B. Preconscious : thoughts you can easily bring into awareness.
C. Unconscious: thoughts you are not directly aware of.

2. Often the feelings, wishes and desires contained in the unconscious seep through to the conscious level in disguised or symbolic forms.
A. Dreams
1. manifest content are the dream images we remember
2. latent content is the true, hidden, unconscious meaning of the dream

B. Unintentional revelations
1. Slip-of-the-tongue (Freudian slips)
2. Dirty jokes
3. accidents, mistakes, forgetting, etc
.
C. Freud used Free Association to reveal contents of the unconscious.

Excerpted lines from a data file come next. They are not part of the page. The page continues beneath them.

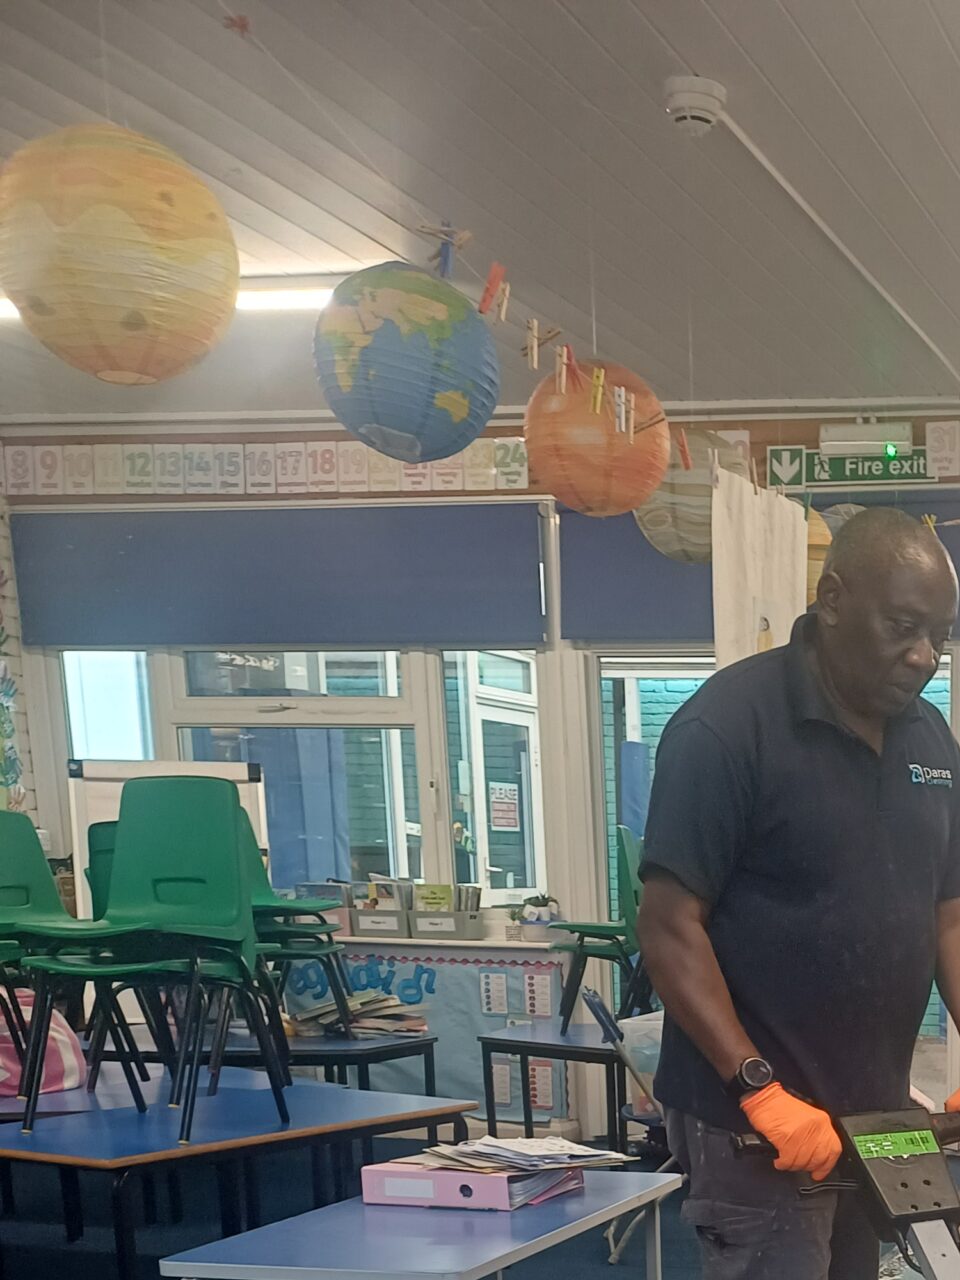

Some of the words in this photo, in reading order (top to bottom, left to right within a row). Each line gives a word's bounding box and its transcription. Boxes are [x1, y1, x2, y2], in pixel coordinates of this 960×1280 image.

[11, 450, 30, 480] 8
[39, 450, 58, 480] 9
[64, 451, 91, 478] 10
[125, 451, 152, 478] 12
[155, 451, 182, 477] 13
[183, 451, 212, 477] 14
[214, 451, 241, 477] 15
[244, 450, 273, 477] 16
[275, 449, 304, 476] 17
[307, 448, 336, 474] 18
[338, 448, 366, 474] 19
[495, 442, 527, 468] 24
[845, 457, 884, 476] Fire
[888, 457, 926, 476] exit
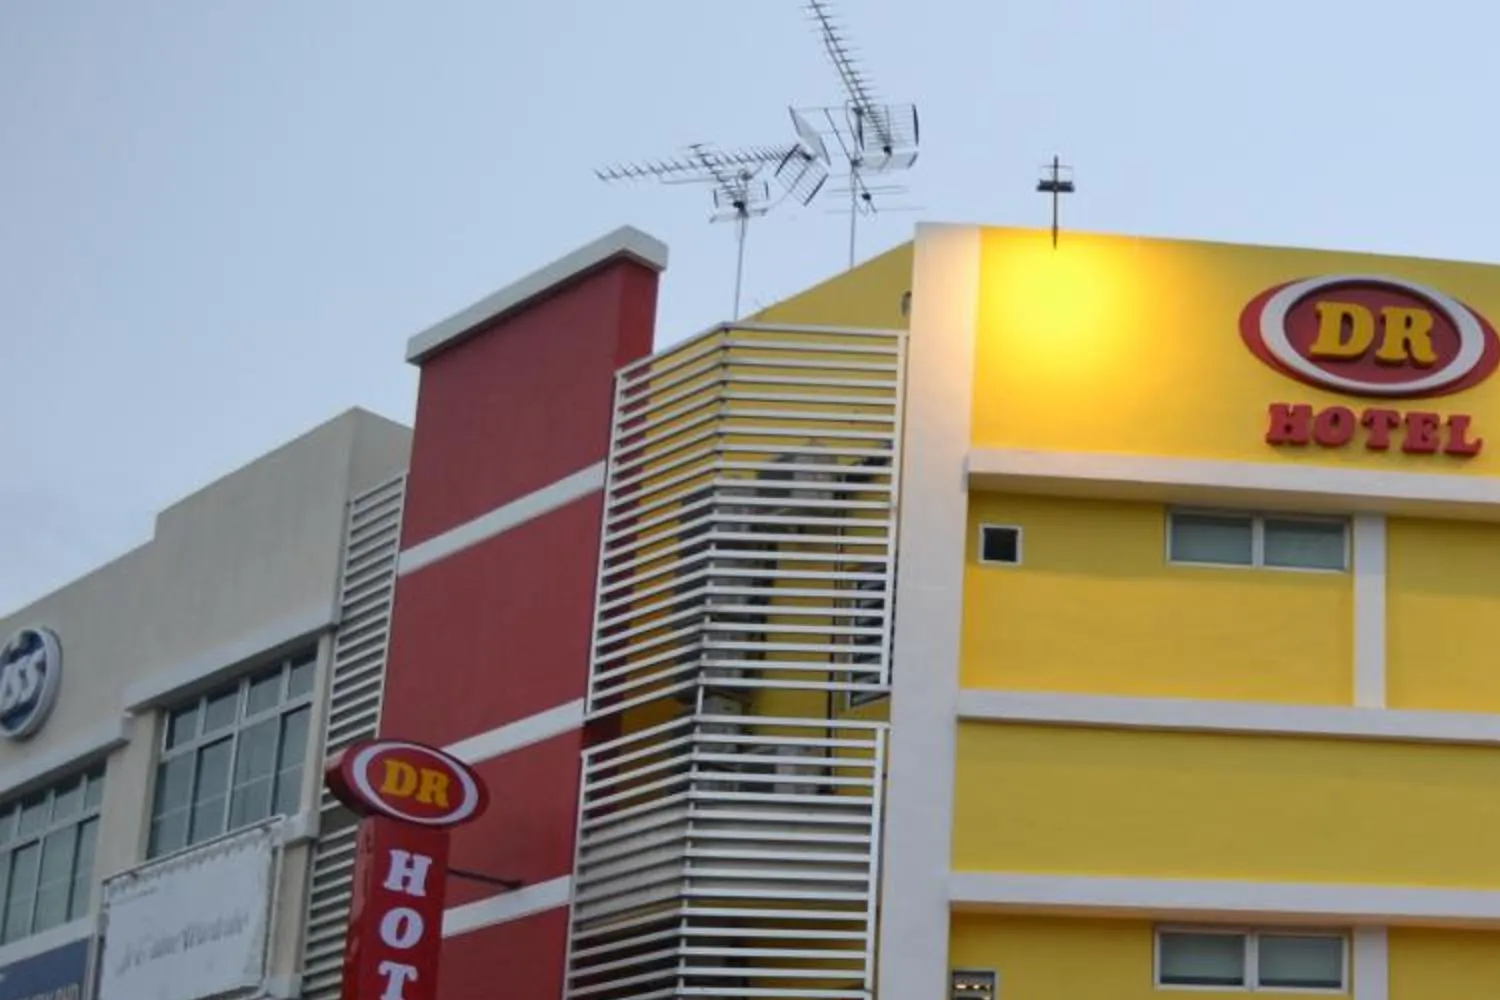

3. The Structure of Personality
A. Id:
the most primitive part of personality
1. Eros: the life instinct: hunger, thirst, physical comfort, sexual motive (libido)
2. Thanatos: the death instinct: aggression, recklessness, and self-destructive actions
3. Pleasure Principle is the drive for immediate satisfaction of instinctual needs.


B. Ego: the organized, rational, and planning part of personality.
1. The Ego is the mediator between the demands of the Id and the restrictions of the real world.
2. The Reality Principle is what postpones instant gratification of the Id until the appropriate time in the real world.
3. If the Ego cannot compromise or satisfy the demands of the Id, it may repress the impulse or remove it from conscious awareness.

C. Superego : The internal voice representing parental and societal values
1. Emerges about age five or six.
2. The guilty conscience of the individual.
3. The superego evaluates behavior as acceptable or unacceptable and then either praises or criticizes.